Mercure galant, décembre 1694 [tome 12], p. 223-226.

Il est des matieres qui ne s’épuisent jamais. Telle est celle que Mr l’Abbé Goussault, cy-devant Conseiller au Parlement de Paris, vient de traiter sous le titre de Conseils d’un Pere à ses Enfans. Le Testament de feu Mr de la Hoguette, & ce que Mr le Comte de Bussy a écrit encore depuis peu sur ce sujet, n’empeschent point qu’on ne trouve beaucoup de choses nouvelles dans le Livre dont j’ay commencé à vous parler. La lecture n’en peut estre que d’une fort grande utilité, & elle doit plaire d’autant plus que chaque Chapitre est divisé en un certain nombre de Conseils, qui sont autant de Maximes, propres à former l’esprit & le cœur de ceux qui entrent dans la pratique du Monde. Rien ne manquoit à Mr l’Abbé Goussault pour faire un Ouvrage de cette nature. Son long commerce avec les Personnes les plus distinguées par leurs emplois & par leur naissance ; ses lumieres naturelles jointes à celles qu’il s’est acquises par de solides lectures, & l’avantage qu’il a de bien raisonner & de penser toûjours juste, luy ont donné de grandes facilitez pour rendre cet Ouvrage de bon goust. Il se debite chez le Sr Brunet Libraire, dans la grande Salle du Palais.
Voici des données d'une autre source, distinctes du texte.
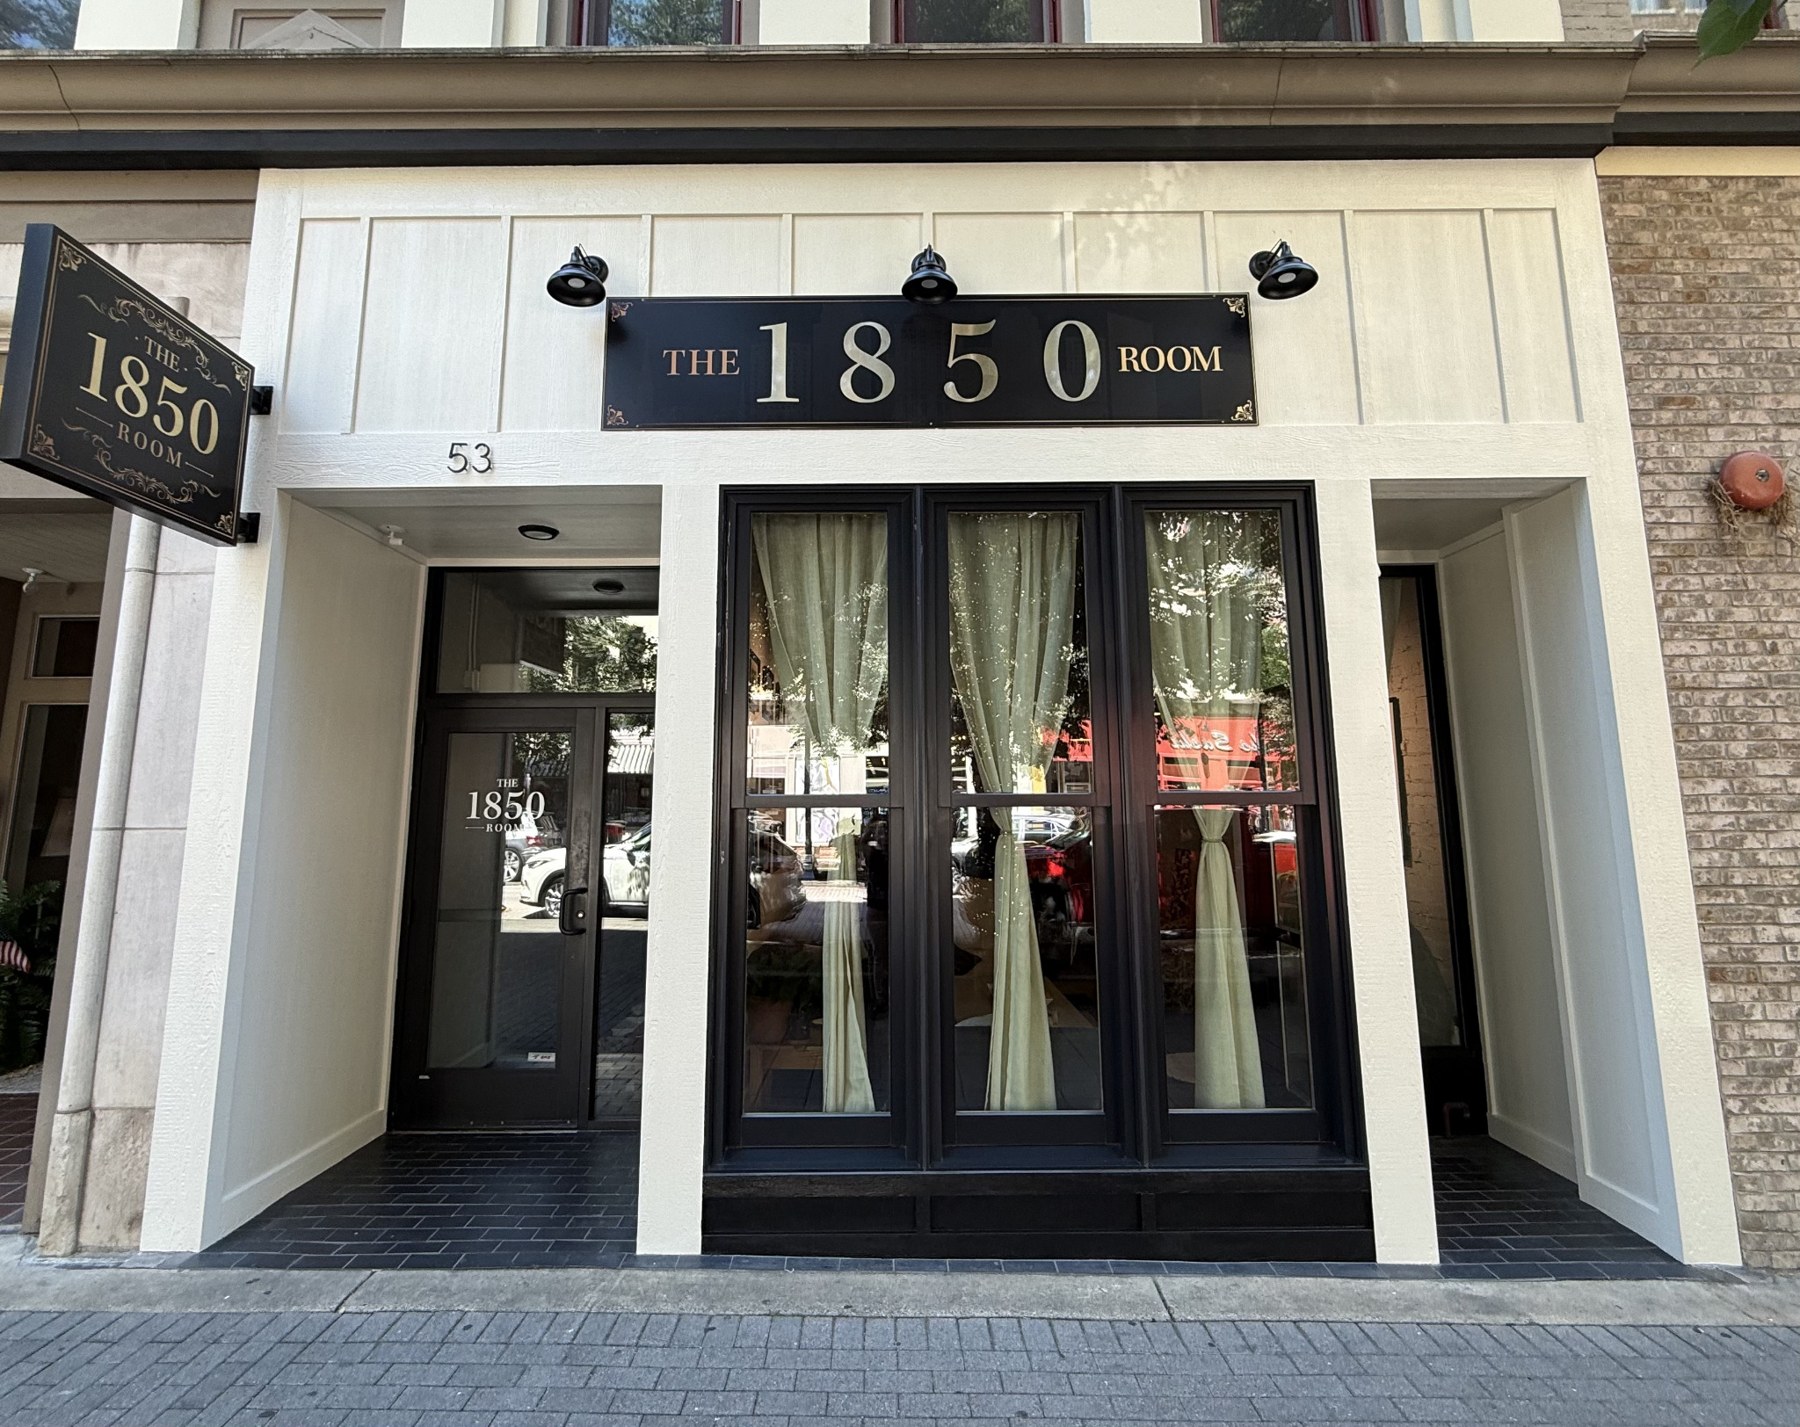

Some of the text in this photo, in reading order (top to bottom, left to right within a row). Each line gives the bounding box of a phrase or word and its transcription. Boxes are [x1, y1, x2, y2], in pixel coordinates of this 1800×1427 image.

[Galanteries faites à la Cour de Danemarck] §

Mercure galant, décembre 1694 [tome 12], p. 256-258.

La veille du jour de la Feste de Saint Martin, le Roy de Dannemarck fut traité à souper, & diverty fort agreablement par le Comte de Guldenlew. Il y avoit dans une grande Salle huit magasins ouverts en forme de boutiques, remplis de toutes sortes de riches marchandises. Le Comte de Guldenlew étoit assis dans la principale, vestu en Marchand Persan. La Comtesse de Guldenlew, son Epouse, aussi vestuë en Marchande, estoit dans le second magasin, qui representoit une boutique de Confiturier, où il y avoit toutes sortes de dragées & de Confitures. Le jeune Prince de Guldenlew paroissoit dans le troisiéme en marchand Papetier, & il y avoit de toutes les marchandises propres à ce métier. Les autres magasins, fournis de diverses marchandises, estoient occupez par plusieurs Dames differemment habillées, & elles avoient de jeunes Gentilshommes lestement vestus en Garçons de boutiques. La Table où fut servi le soupé, estoit en forme d’une M. Vous voyez bien que cette Feste est une imitation des galanteries de cette nature, que le Roy a faites souvent à Marly. Tout y fut magnifique avec Musique, & ensuite Comedie Italienne.

[L’Amour à la Mode, Satyre Historique] §

Mercure galant, décembre 1694 [tome 12], p. 259-261.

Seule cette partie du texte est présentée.